The entries that follow need to be returned without any alteration.
━━━ GIVEN RECORDS
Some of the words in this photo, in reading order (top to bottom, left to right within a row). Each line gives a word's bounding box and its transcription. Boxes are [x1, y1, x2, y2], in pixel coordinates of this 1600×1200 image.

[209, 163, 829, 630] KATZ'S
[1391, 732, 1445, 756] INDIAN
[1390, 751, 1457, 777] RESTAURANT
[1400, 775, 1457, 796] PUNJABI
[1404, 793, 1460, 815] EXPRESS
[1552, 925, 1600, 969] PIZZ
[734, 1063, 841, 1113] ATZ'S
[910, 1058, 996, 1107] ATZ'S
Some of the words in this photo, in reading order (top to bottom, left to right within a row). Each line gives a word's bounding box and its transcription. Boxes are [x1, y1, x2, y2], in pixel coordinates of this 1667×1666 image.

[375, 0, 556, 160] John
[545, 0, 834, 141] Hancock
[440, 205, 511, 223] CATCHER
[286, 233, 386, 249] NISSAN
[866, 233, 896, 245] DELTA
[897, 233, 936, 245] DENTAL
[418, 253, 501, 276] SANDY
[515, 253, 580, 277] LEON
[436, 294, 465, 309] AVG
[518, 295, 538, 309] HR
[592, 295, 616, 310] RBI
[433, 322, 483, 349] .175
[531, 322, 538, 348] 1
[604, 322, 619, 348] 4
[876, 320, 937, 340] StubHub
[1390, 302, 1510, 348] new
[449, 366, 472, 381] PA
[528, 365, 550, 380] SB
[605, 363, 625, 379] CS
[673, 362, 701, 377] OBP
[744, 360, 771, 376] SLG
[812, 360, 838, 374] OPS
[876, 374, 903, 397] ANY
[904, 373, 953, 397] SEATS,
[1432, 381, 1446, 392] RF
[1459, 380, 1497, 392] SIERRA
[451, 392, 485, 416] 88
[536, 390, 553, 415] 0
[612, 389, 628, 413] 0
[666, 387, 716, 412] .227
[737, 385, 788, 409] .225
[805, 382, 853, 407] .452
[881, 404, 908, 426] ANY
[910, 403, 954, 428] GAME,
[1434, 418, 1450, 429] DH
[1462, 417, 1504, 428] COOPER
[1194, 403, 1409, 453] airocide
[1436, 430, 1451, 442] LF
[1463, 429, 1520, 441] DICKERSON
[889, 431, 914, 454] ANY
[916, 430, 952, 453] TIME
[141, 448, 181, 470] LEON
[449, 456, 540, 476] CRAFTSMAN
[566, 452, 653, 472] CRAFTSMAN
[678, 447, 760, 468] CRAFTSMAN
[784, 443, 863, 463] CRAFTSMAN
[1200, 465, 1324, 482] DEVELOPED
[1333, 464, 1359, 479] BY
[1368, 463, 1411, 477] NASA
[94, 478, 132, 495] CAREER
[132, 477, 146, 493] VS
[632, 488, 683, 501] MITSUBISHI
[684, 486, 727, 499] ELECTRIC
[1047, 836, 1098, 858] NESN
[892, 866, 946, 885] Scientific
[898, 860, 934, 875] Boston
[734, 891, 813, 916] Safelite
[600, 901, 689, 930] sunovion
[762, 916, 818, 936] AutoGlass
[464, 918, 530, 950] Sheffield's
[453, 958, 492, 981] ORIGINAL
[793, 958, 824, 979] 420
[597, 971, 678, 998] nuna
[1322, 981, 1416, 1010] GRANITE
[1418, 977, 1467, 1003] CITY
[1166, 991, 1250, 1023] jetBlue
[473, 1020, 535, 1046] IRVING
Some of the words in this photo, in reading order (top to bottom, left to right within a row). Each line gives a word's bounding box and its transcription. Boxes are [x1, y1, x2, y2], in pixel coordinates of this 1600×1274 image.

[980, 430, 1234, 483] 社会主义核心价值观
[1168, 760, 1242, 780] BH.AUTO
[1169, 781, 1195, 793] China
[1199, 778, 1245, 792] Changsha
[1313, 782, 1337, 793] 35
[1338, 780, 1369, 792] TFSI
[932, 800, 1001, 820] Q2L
━━━━━━
EXERCISE RESPONSE:
Some of the words in this photo, in reading order (top to bottom, left to right within a row). Each line gives a word's bounding box and its transcription. Boxes are [x1, y1, x2, y2], in pixel coordinates of this 1600×1200 image.

[209, 163, 829, 630] KATZ'S
[1391, 732, 1445, 756] INDIAN
[1390, 751, 1457, 777] RESTAURANT
[1400, 775, 1457, 796] PUNJABI
[1404, 793, 1460, 815] EXPRESS
[1552, 925, 1600, 969] PIZZ
[734, 1063, 841, 1113] ATZ'S
[910, 1058, 996, 1107] ATZ'S
Some of the words in this photo, in reading order (top to bottom, left to right within a row). Each line gives a word's bounding box and its transcription. Boxes are [x1, y1, x2, y2], in pixel coordinates of this 1667×1666 image.

[375, 0, 556, 160] John
[545, 0, 834, 141] Hancock
[440, 205, 511, 223] CATCHER
[286, 233, 386, 249] NISSAN
[866, 233, 896, 245] DELTA
[897, 233, 936, 245] DENTAL
[418, 253, 501, 276] SANDY
[515, 253, 580, 277] LEON
[436, 294, 465, 309] AVG
[518, 295, 538, 309] HR
[592, 295, 616, 310] RBI
[433, 322, 483, 349] .175
[531, 322, 538, 348] 1
[604, 322, 619, 348] 4
[876, 320, 937, 340] StubHub
[1390, 302, 1510, 348] new
[449, 366, 472, 381] PA
[528, 365, 550, 380] SB
[605, 363, 625, 379] CS
[673, 362, 701, 377] OBP
[744, 360, 771, 376] SLG
[812, 360, 838, 374] OPS
[876, 374, 903, 397] ANY
[904, 373, 953, 397] SEATS,
[1432, 381, 1446, 392] RF
[1459, 380, 1497, 392] SIERRA
[451, 392, 485, 416] 88
[536, 390, 553, 415] 0
[612, 389, 628, 413] 0
[666, 387, 716, 412] .227
[737, 385, 788, 409] .225
[805, 382, 853, 407] .452
[881, 404, 908, 426] ANY
[910, 403, 954, 428] GAME,
[1434, 418, 1450, 429] DH
[1462, 417, 1504, 428] COOPER
[1194, 403, 1409, 453] airocide
[1436, 430, 1451, 442] LF
[1463, 429, 1520, 441] DICKERSON
[889, 431, 914, 454] ANY
[916, 430, 952, 453] TIME
[141, 448, 181, 470] LEON
[449, 456, 540, 476] CRAFTSMAN
[566, 452, 653, 472] CRAFTSMAN
[678, 447, 760, 468] CRAFTSMAN
[784, 443, 863, 463] CRAFTSMAN
[1200, 465, 1324, 482] DEVELOPED
[1333, 464, 1359, 479] BY
[1368, 463, 1411, 477] NASA
[94, 478, 132, 495] CAREER
[132, 477, 146, 493] VS
[632, 488, 683, 501] MITSUBISHI
[684, 486, 727, 499] ELECTRIC
[1047, 836, 1098, 858] NESN
[892, 866, 946, 885] Scientific
[898, 860, 934, 875] Boston
[734, 891, 813, 916] Safelite
[600, 901, 689, 930] sunovion
[762, 916, 818, 936] AutoGlass
[464, 918, 530, 950] Sheffield's
[453, 958, 492, 981] ORIGINAL
[793, 958, 824, 979] 420
[597, 971, 678, 998] nuna
[1322, 981, 1416, 1010] GRANITE
[1418, 977, 1467, 1003] CITY
[1166, 991, 1250, 1023] jetBlue
[473, 1020, 535, 1046] IRVING
Some of the words in this photo, in reading order (top to bottom, left to right within a row). Each line gives a word's bounding box and its transcription. Boxes are [x1, y1, x2, y2], in pixel coordinates of this 1600×1274 image.

[980, 430, 1234, 483] 社会主义核心价值观
[1168, 760, 1242, 780] BH.AUTO
[1169, 781, 1195, 793] China
[1199, 778, 1245, 792] Changsha
[1313, 782, 1337, 793] 35
[1338, 780, 1369, 792] TFSI
[932, 800, 1001, 820] Q2L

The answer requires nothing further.